Yes, it will be promoted to F# 9 before the release.

Putting it behind preview does mean that the existing IL baselines that were affected by the change (because they happened to have [|start..finish|], etc., in them, like https://github.com/dotnet/fsharp/pull/16650#discussion_r1494535165) will not be updated in this PR, but would instead need to be updated whenever the feature was brought out of preview. Is that what we want?

brianrourkeboll avatar Feb 20 '24 15:02 brianrourkeboll

@vzarytovskii

we should put it under a language version flag

Under preview?

Yes, it will be promoted to F# 9 before the release.

Putting it behind preview does mean that the existing IL baselines that were affected by the change (because they happened to have [|start..finish|], etc., in them, like #16650 (comment)) will not be updated in this PR, but would instead need to be updated whenever the feature was brought out of preview. Is that what we want?
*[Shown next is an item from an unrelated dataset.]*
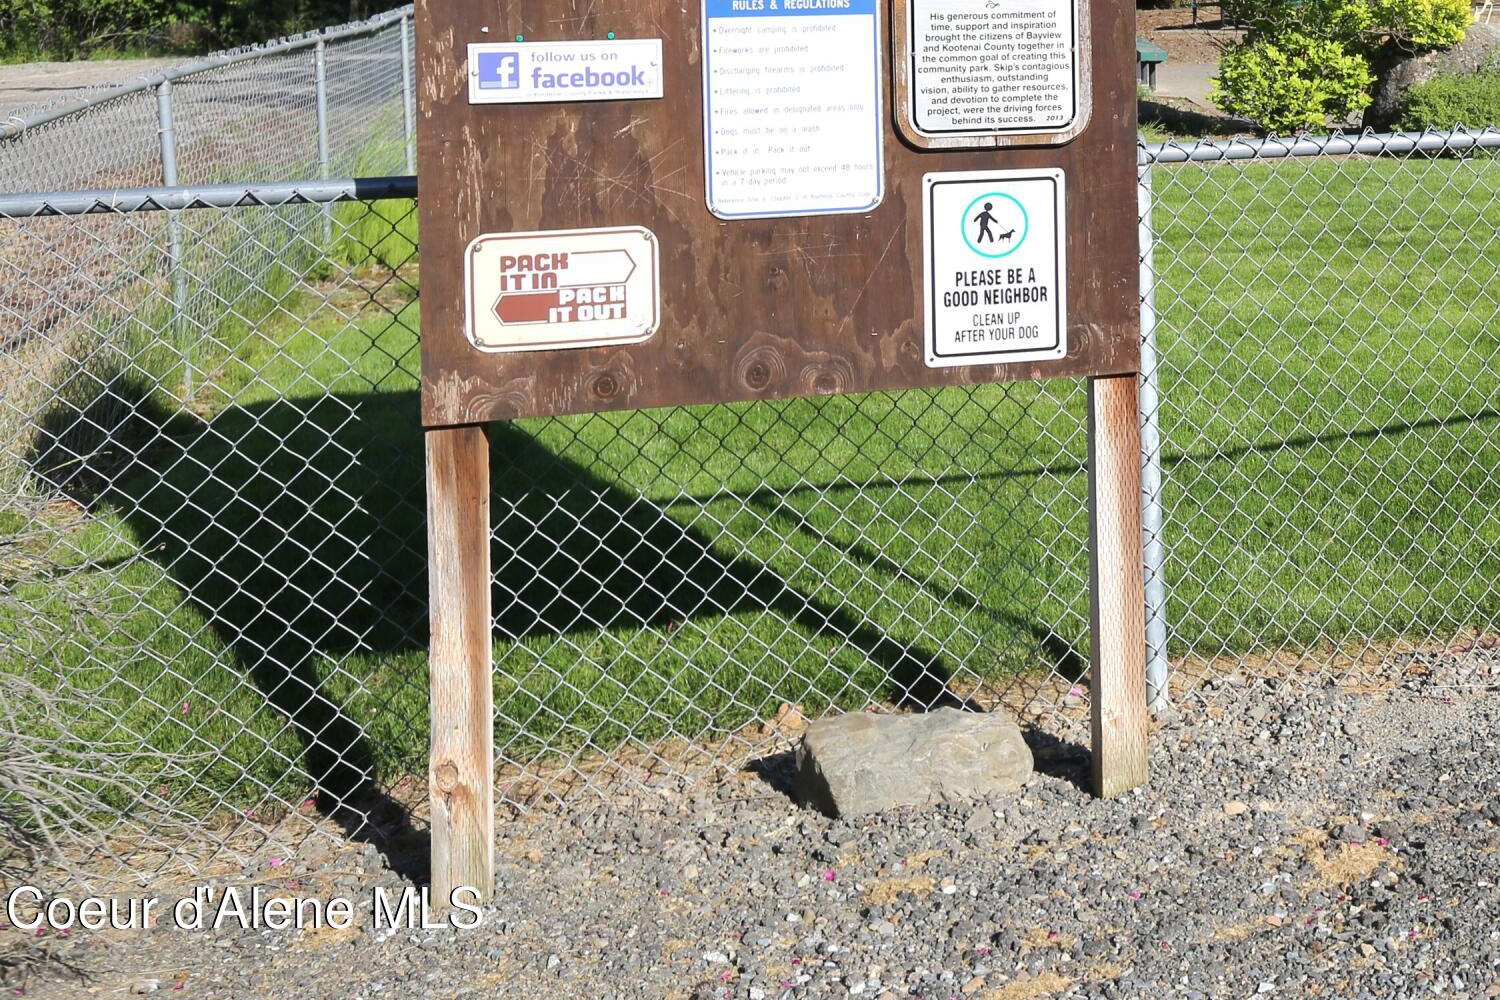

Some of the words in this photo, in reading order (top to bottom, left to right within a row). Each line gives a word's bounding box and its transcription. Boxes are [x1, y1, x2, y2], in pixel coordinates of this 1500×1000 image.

There are three choices here:

  1. Run them with preview version, and when we will be bumping version of language, we will change preview -> 9.
  2. Not change them and run with "default" language version, and we will update when we run it.
  3. Have one for version 8 and one for preview (9 in the future). - it's the hardest one, since a bunch of "duplicated" test cases should be added and baselines will need to be generated for them.

I usually do 1., but this is a risk, because by doing that we are essentially excluding tests until we bump the version. If all (or most) of the baselines are external (i.e. .bsl files), we can do 2., since it will be easy to update them when we bump lang version.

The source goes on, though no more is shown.